GENERAL CONSIDERATIONS

  1. Indications
    1. The contention that resection of the common or internal carotid artery due to invasion by malignant disease is a "subject of considerable study and debate in the literature" (as cited in this protocol in the 1990's) remains relevant today (Orlandi 2021)
    2. Patients with cancer involving the carotid artery deserve attention to the complex clinical decisions that must be tailored to the individual clinical situation. Many physicians would regard this intervention as a palliative procedure and approach its utilization from that standpoint. In selected cases, with an otherwise dismal prognosis, the procedure may be viewed as offering a small chance at prolonged survival. Regardless of the perspective, carotid resection in the head and neck cancer patient population is associated with significant morbidity and mortality and, in many cases, limited demonstrable benefit. The following indications and contraindications should be viewed as general guidelines, and the goals and indications for the procedure must be individualized for each specific case.
    3. Localized tumor invasion of the carotid artery with no evidence of unresectable skull base or vertebral invasion
    4. No evidence of distant metastasis
    5. Patient demonstrates good candidacy for carotid resection based on preoperative work-up (see below)
  2. Contraindications
    1. Clear evidence of unresectable tumor elsewhere in the head and neck
    2. Evidence on preoperative work-up that the patient is at severe risk for neurovascular ischemic event with even extremely brief carotid occlusion
  3. Pertinent Anatomy
    1. Due to their proximity to the carotid artery, the lower cranial nerves and sympathetic chain may also have tumor invasion (IX, X, XI, XII). Patients should be aware of the potential need to resect these structures in the course of carotid resection.
    2. The carotid artery courses through the neck in the direction of "carotid line", starting inferiorly at the sternoclavicular joint, extending superiorly to the midpoint between the angle of the mandible and the mastoid process.
    3. The right common carotid artery is derived from the brachiocephalic artery, while the left common carotid artery arises directly off of the aortic arch. 
      1. The carotid artery bifurcates at the superior edge of the thyroid cartilage.
        1. The internal carotid artery has no branches in the neck, and continues in the carotid sheath to the skull base.
        2. The external carotid artery has 8 branches, including:
          1. Superior thyroid (superior laryngeal usually a branch of)
          2. Ascending pharyngeal
          3. Lingual
          4. Facial
          5. Occipital (flanks digastric)
          6. Posterior auricular (flanks digastric)
          7. Maxillary 
          8. Superficial temporal - the terminal branch
    4. The Carotid sheath contains three structures, including the carotid artery (medially), the internal jugular vein (laterally), and the vagus nerve (posteriorly). The sympathetic chain is directly posterior to the carotid sheath.

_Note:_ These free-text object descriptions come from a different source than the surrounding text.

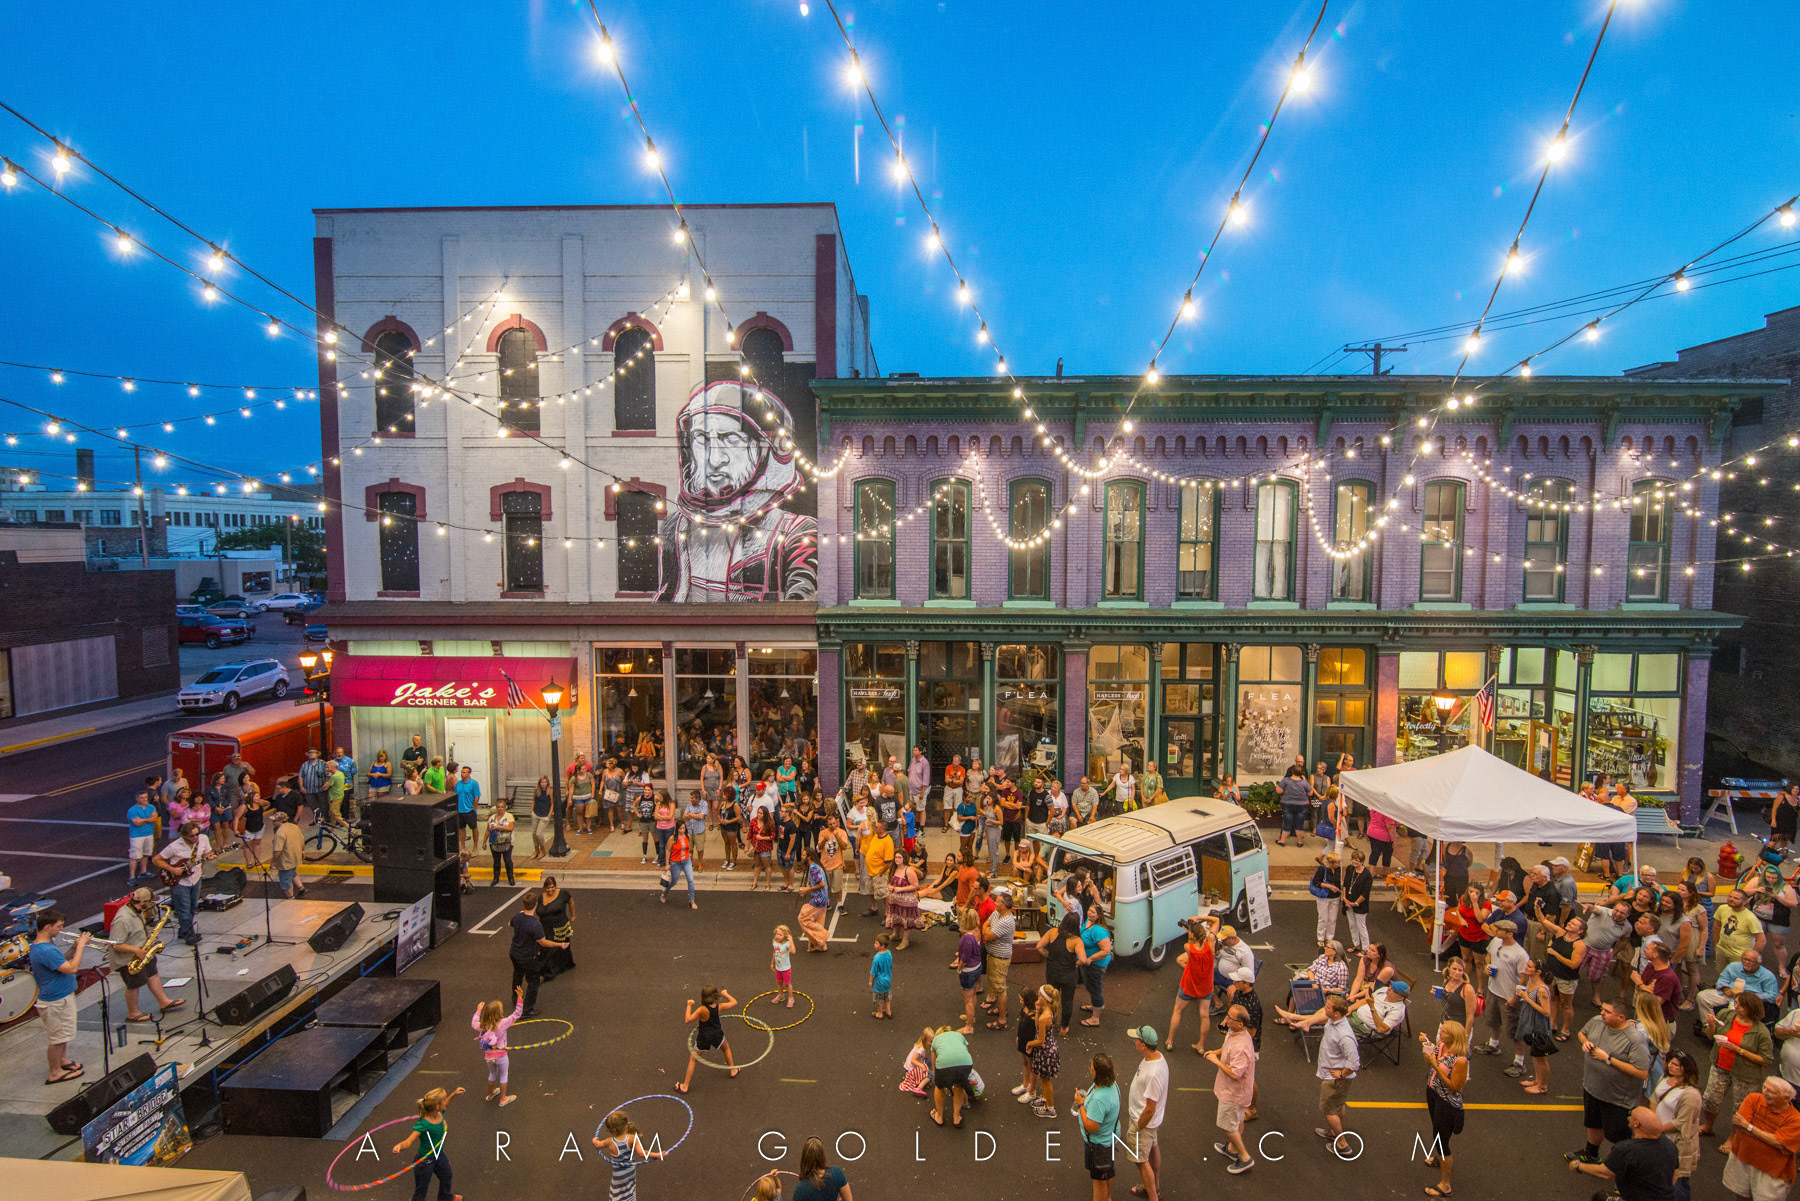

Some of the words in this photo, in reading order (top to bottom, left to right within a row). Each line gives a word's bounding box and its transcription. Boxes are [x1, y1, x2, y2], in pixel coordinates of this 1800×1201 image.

[390, 682, 496, 705] Jake's
[1248, 692, 1291, 700] FLEA
[407, 698, 457, 706] CORNER
[463, 698, 488, 706] BAR
[1404, 721, 1437, 732] Perfectly
[105, 1119, 130, 1143] STAR
[137, 1091, 166, 1119] BRIDGE
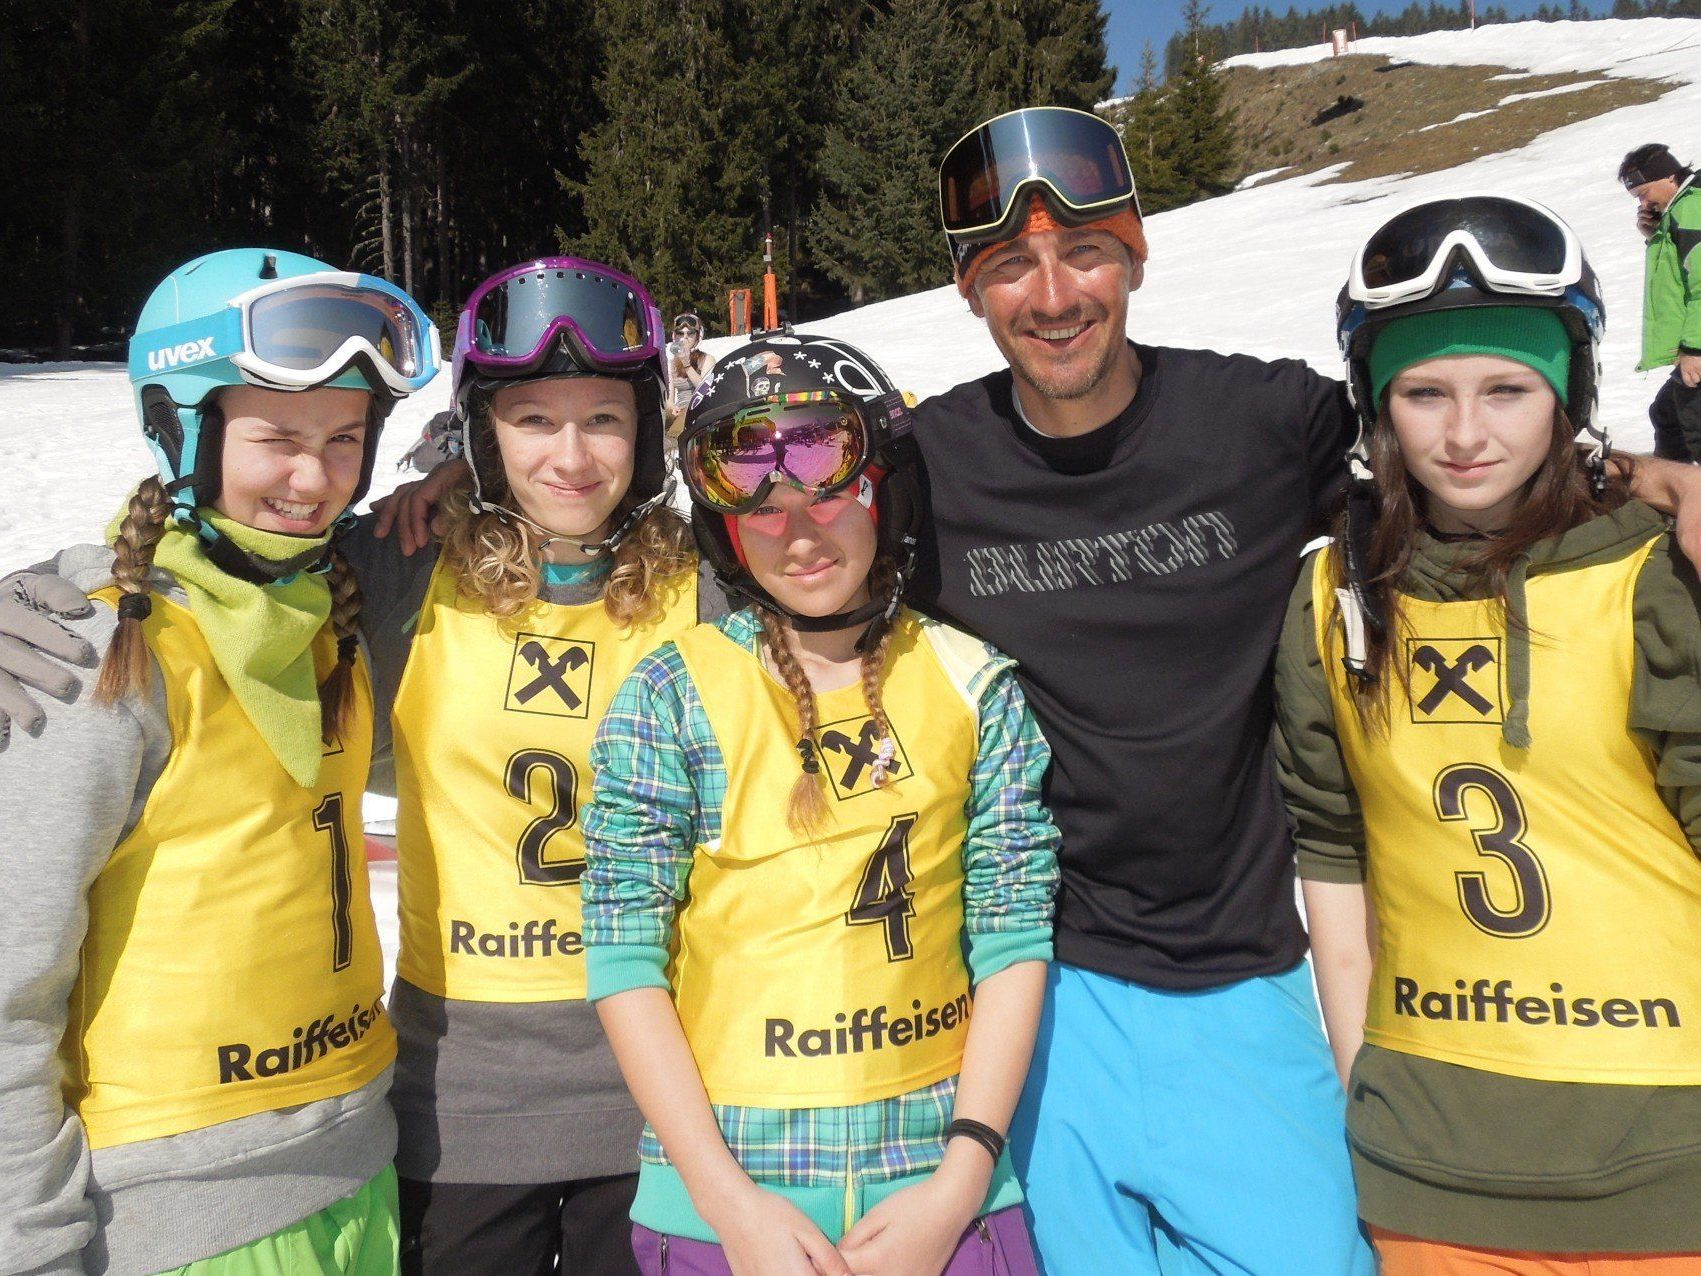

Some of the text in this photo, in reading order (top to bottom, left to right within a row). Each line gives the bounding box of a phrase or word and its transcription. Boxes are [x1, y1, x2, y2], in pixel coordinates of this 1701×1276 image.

[148, 336, 216, 371] uvex
[966, 511, 1238, 597] BURTON
[503, 748, 587, 885] 2
[1433, 762, 1552, 940] 3
[312, 792, 353, 973] 1
[845, 812, 918, 963] 4
[218, 999, 382, 1085] Raiffeisn
[764, 993, 970, 1058] Raiffeisen
[1395, 976, 1681, 1028] Raiffeisen
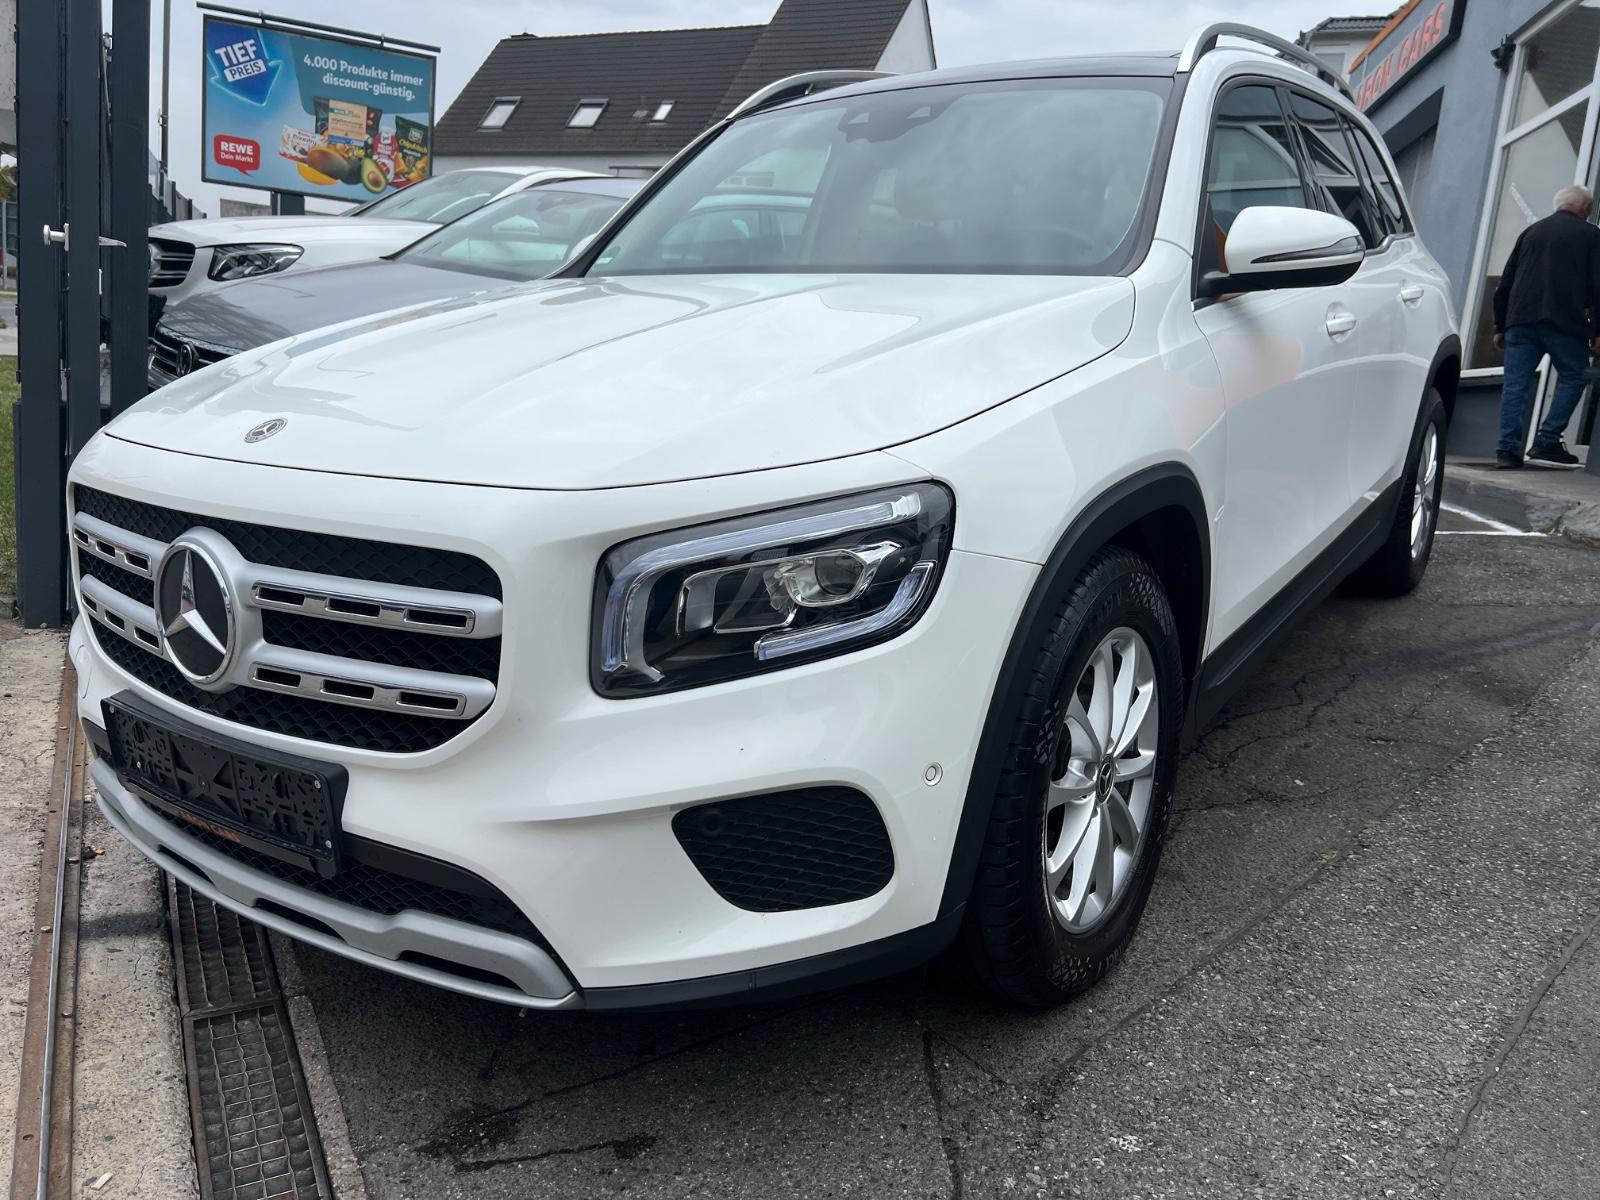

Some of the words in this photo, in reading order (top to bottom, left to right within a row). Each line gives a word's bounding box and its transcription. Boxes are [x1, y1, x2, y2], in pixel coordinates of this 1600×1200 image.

PREOPERATIVE PREPARATION (as per 1990's protocol at the U of Iowa)

  1. Evaluation
    1. Complete head and neck examination
    2. Head and neck cancer work-up per protocol
    3. CT with contrast from base of skull to clavicles, special attention to skull base and thoracic inlet. The CT or MRI of the head and neck are often unreliable regarding the extent or location of carotid involvement. In many cases, the final decision to resect the carotid must be made at the time of surgical exploration.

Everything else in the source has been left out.